Disagreement between the coalition parties, mainly the Bosnian Nationalist Democratic Party (SDA) and the Serbian Nationalist Serbian Democratic Party (SDS), meant that the government had to be reformed by the end of the year. Although the SDA had great successes in the local elections in October 2012, the party’s two ministers were kicked out of the government that month. The crisis also spilled over to the government of the Federation, which had to ask the High Representative for help in solving the problems.

In Republika Srpska, former Prime Minister Milorad Dodik, who was elected president in 2010, continued on a previously beaten path when he openly challenged the Bosnian state building. Dodik claimed that high representative Valentin Inzko was partial to the Serbs’ disadvantage. In April 2011, Dodik initiated a referendum in the Republika Srpska to submit joint court cases, among other things. The crisis was seen as the worst so far after the war, and after pressure from the High Representative Valentin Inzko and the EU, Dodik withdrew the proposal.

Popular protests

In 2014, popular dissatisfaction was expressed in protests that became the most extensive since the war. In February, demonstrations were started in Tuzla, by workers who protested against wages and pensions and planned sales of state-owned companies. They were soon supported by students and political activists. The protests, which had no ethnic undertones, spread and came to target the poor economic situation, high unemployment and political lock-ups. Government buildings are set on fire in Tuzla, Sarajevo and Mostar.

The unrest eventually turned into a peaceful protest movement. In several cities, so-called citizen plenums were formed, where everyone who wanted to discuss and propose changes and improvements and how to put pressure on politicians to take them. Many were hoping for a “Bosnian Spring”. But the protest movement, which was mainly active in the Federation, did not lead to any major changes.

The politicians also turned out to be dead when the country in the spring of 2014 was hit by the most extensive floods in a century.
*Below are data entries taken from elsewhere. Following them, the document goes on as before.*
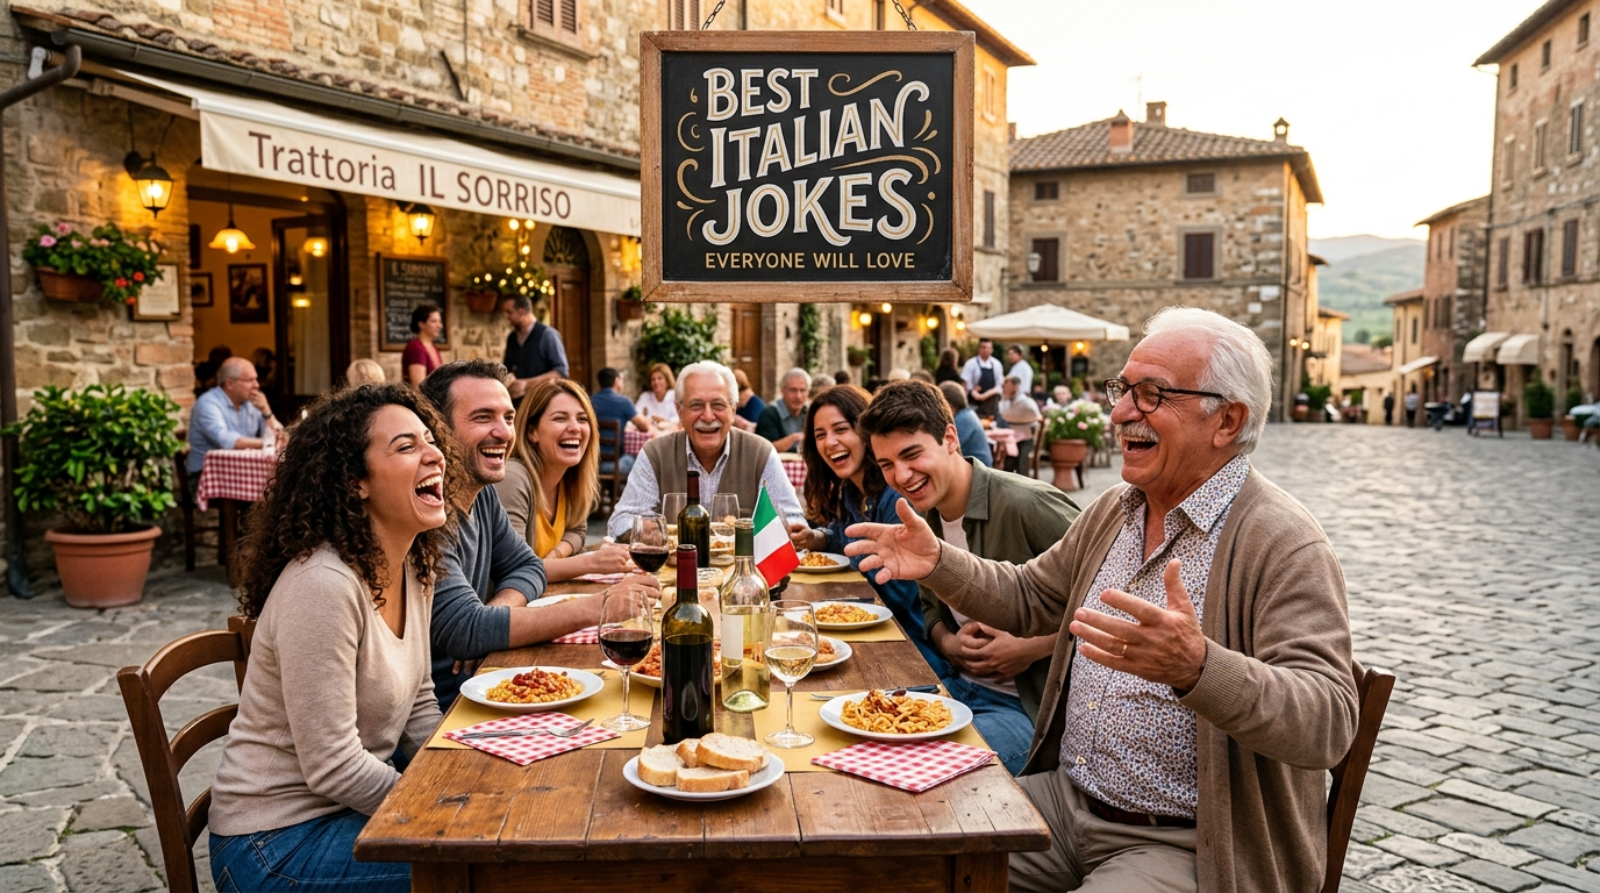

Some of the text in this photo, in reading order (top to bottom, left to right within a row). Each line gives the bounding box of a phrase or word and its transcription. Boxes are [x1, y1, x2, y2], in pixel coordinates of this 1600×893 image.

[703, 67, 819, 121] BEST
[710, 80, 930, 188] ITALIAN
[248, 130, 572, 220] Trattoria IL SORRISO
[702, 168, 917, 246] JOKES
[705, 252, 916, 269] EVERYONE WILL LOVE
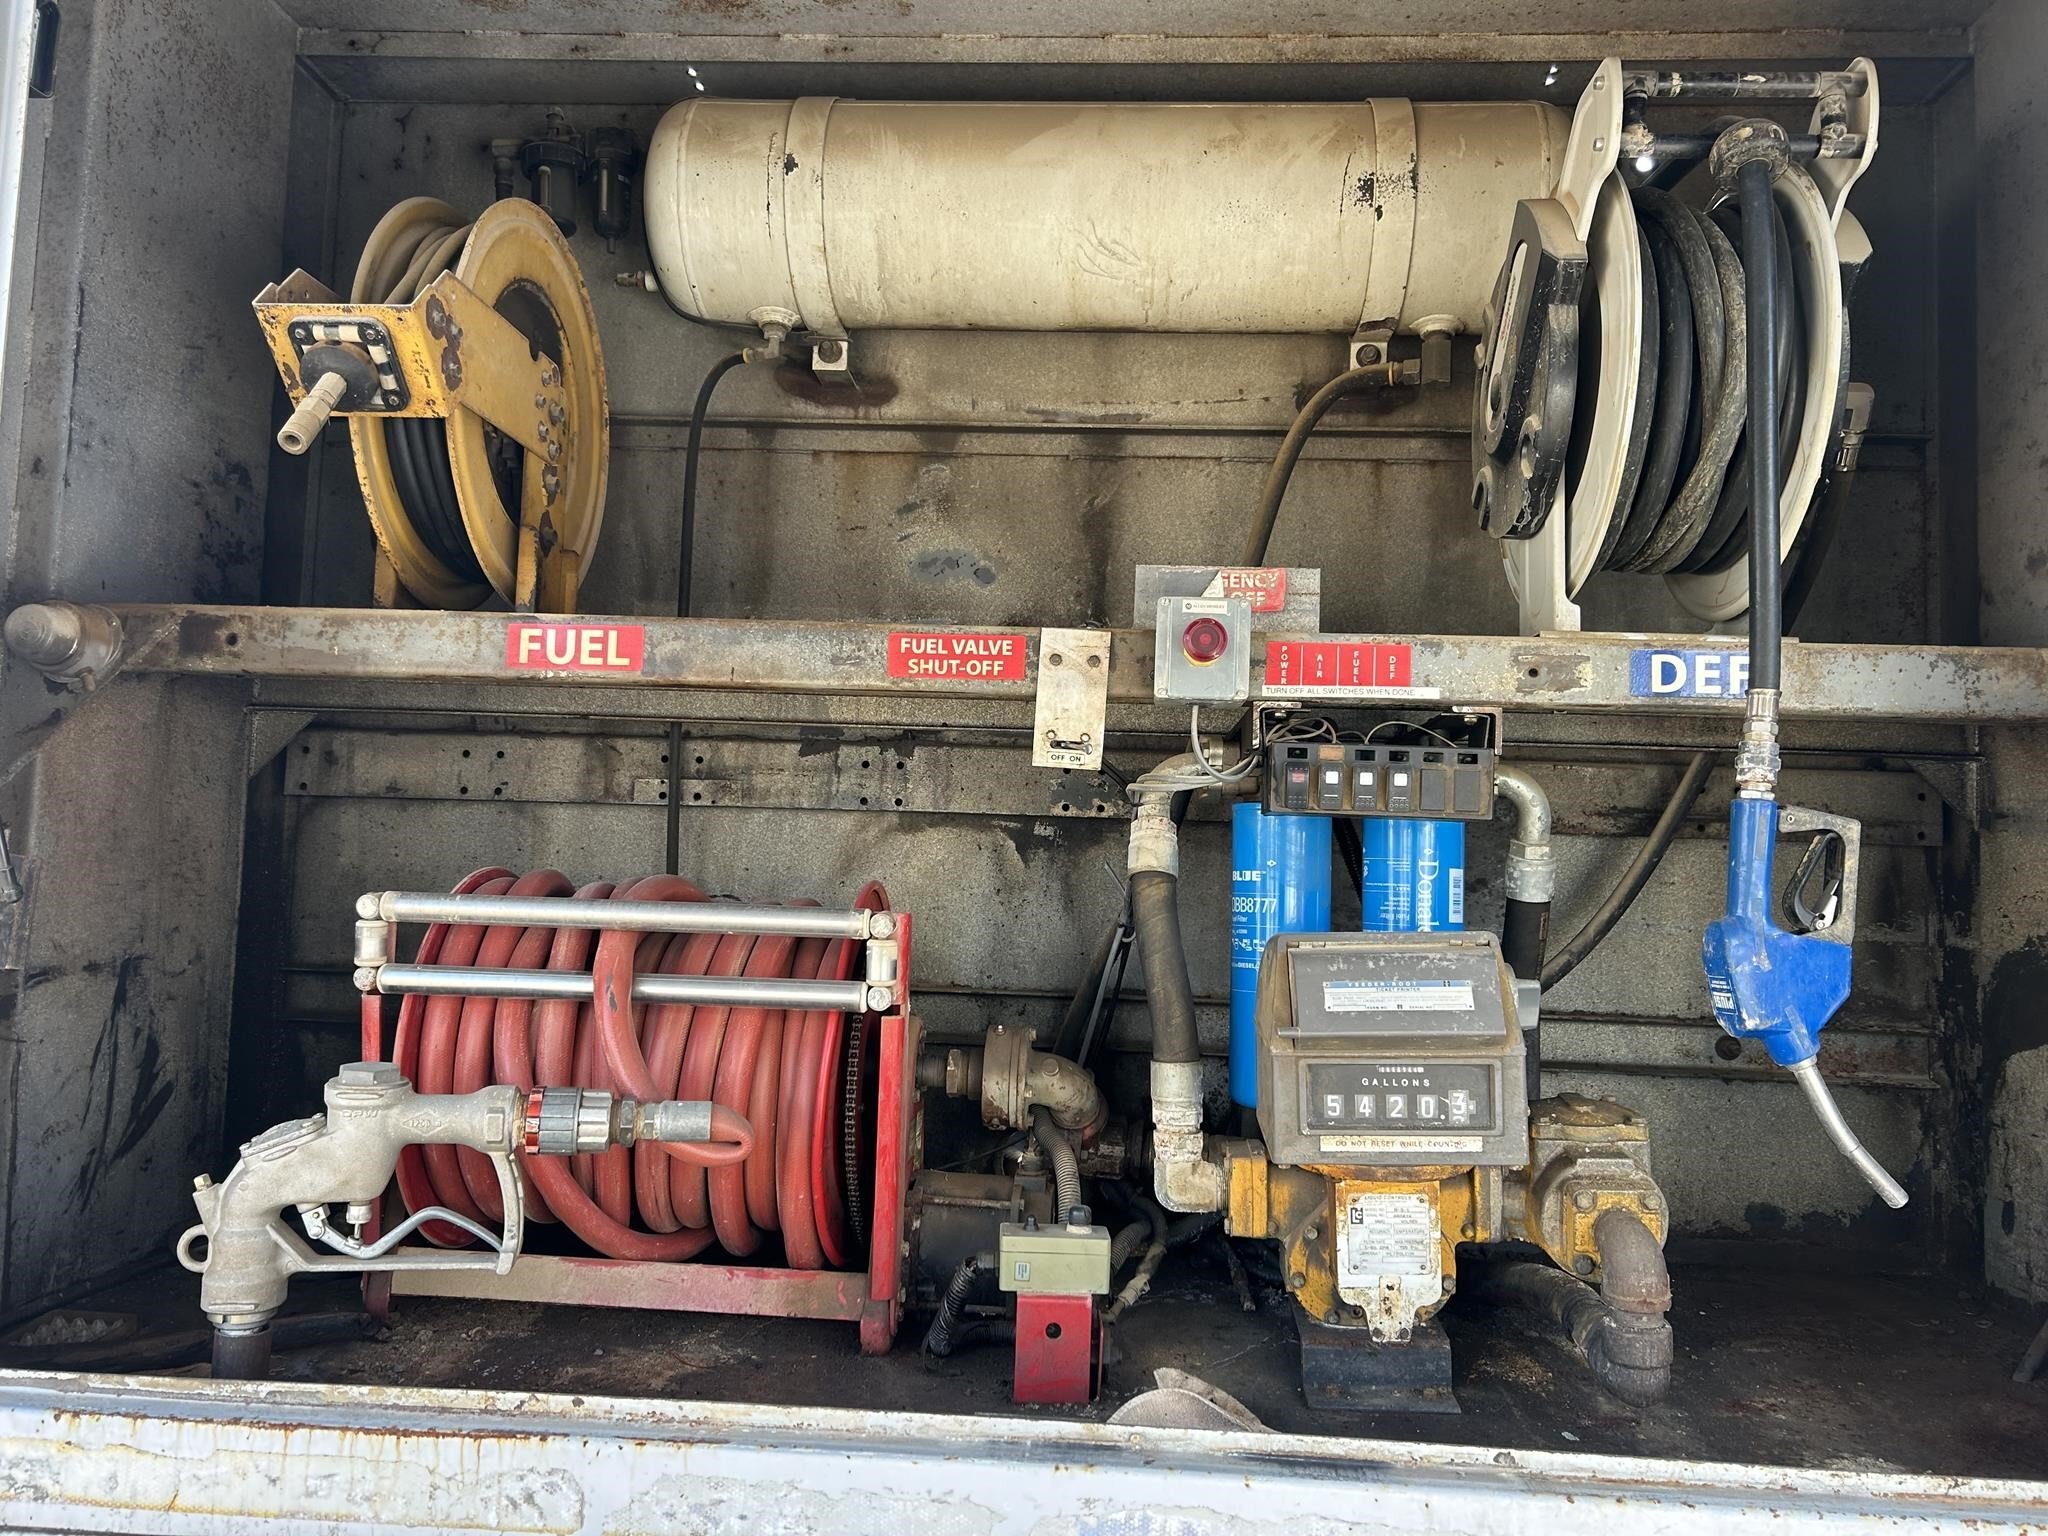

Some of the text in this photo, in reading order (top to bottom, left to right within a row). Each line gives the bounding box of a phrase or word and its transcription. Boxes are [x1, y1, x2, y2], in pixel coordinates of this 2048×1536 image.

Over 40 people were killed and tens of thousands had to be evacuated then rivers that Sava swam across all boards due to heavy rain. The situation was made more difficult by the fact that the water masses led to landslides and that land mines from the Balkan wars in the 1990s were washed up by the water or pulled by the landslides. Despite relief from the outside world, reconstruction work was difficult to get started and the already scarce economy was affected by the disaster.